Will Sharon and Defense Minister Benjamin Ben-Eliezer be asked to answer the question whether they knew, when they approved the attack, that the Tanzim, and possibly the Hamas, were about to publish an declaration of cessations of attacks on civilians?

If they did not know, then it's Israel's intelligence services that need reformation. If they did know, they will have to explain why the killing of one more wanted man wasn't offset by the chance to save Israeli lives.

And at that same opportunity, there's a need to find out if there is a connection between some of the other "pinpoint preventions" (Jamal Mansour and Ra'ad Carmi) and the fact their assassinations came after periods of calm and mounting international pressure to begin negotiations.

These questions, and others, are in a letter that Ran Cohen, MK (Meretz), the new chairman of the Knesset Comptroller's Committee, wrote this week to Haim Ramon, MK (Labor), the new chairman of the Knesset Foreign Affairs and Defense Committee. Cohen asked Ramon's committee to look into all these issues. Ramon wrote back saying that the subcommittee on secret services has already been slated to discuss "all aspects of the operation" next week. Presumably the committee room will be very crowded the day Ramon calls Ben-Eliezer in to answer the questions.

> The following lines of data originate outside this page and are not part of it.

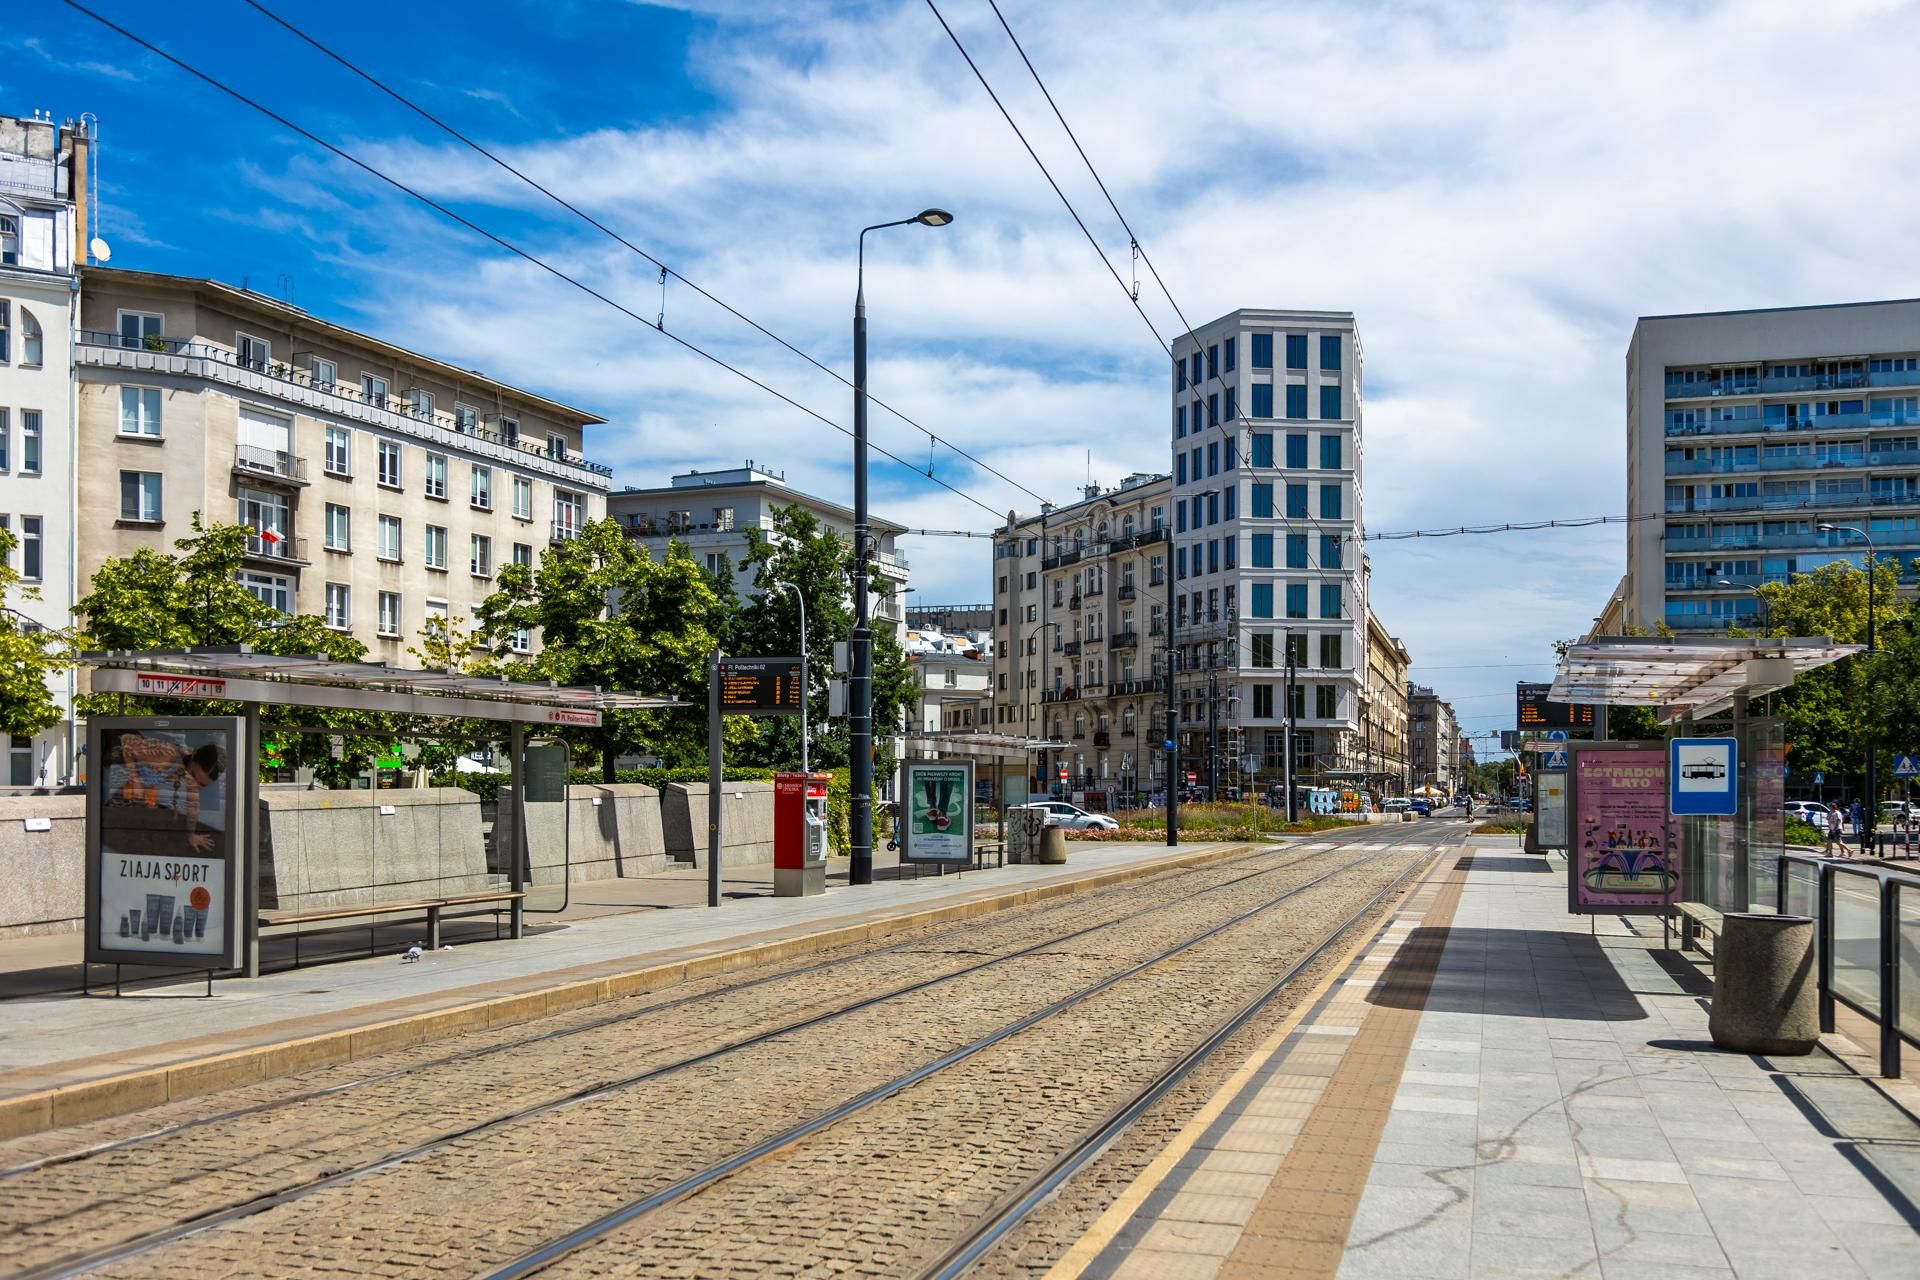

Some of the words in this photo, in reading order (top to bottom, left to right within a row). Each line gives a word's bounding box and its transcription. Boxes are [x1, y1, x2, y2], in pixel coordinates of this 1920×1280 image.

[142, 680, 150, 688] 10
[157, 681, 164, 689] 11
[1612, 778, 1650, 787] LATO
[120, 860, 160, 879] ZIAJA
[165, 863, 208, 882] SPORT

http://www.haaretzdaily.com/hasen/pages/ShArt.jhtml?itemNo=190579&contrassID=2&subContrassID=5&sbSubContrassID=0&listSrc=Y
by concerned
So you think that these Islamic terrorist groups in the Middle East (Sorry, Islamic Freedom Fighters.-Isn't that what Al Qaeda call themselves?) will just shut down their operations once they are finished with Israel? You don't think they will join their brothers in arms and turn on us next? All indications point to this global Islamic movement as not a resistance to Israel or Jews but a resistance to all Infidels.

I am simply going by what I see on the Palestinian Authority broadcasts of religious clerics repeatedly calling for 'Jews and Americans to be killed everywhere they are found.' Followed by loud cheers and anit-Western slogansfrom the crowds. Keep in mind that these are not Al Qaeda but are Palestinians. What's that all about? Are they using us and then going to turn on us? Am I being paranoid or should I belive what Iam seeing?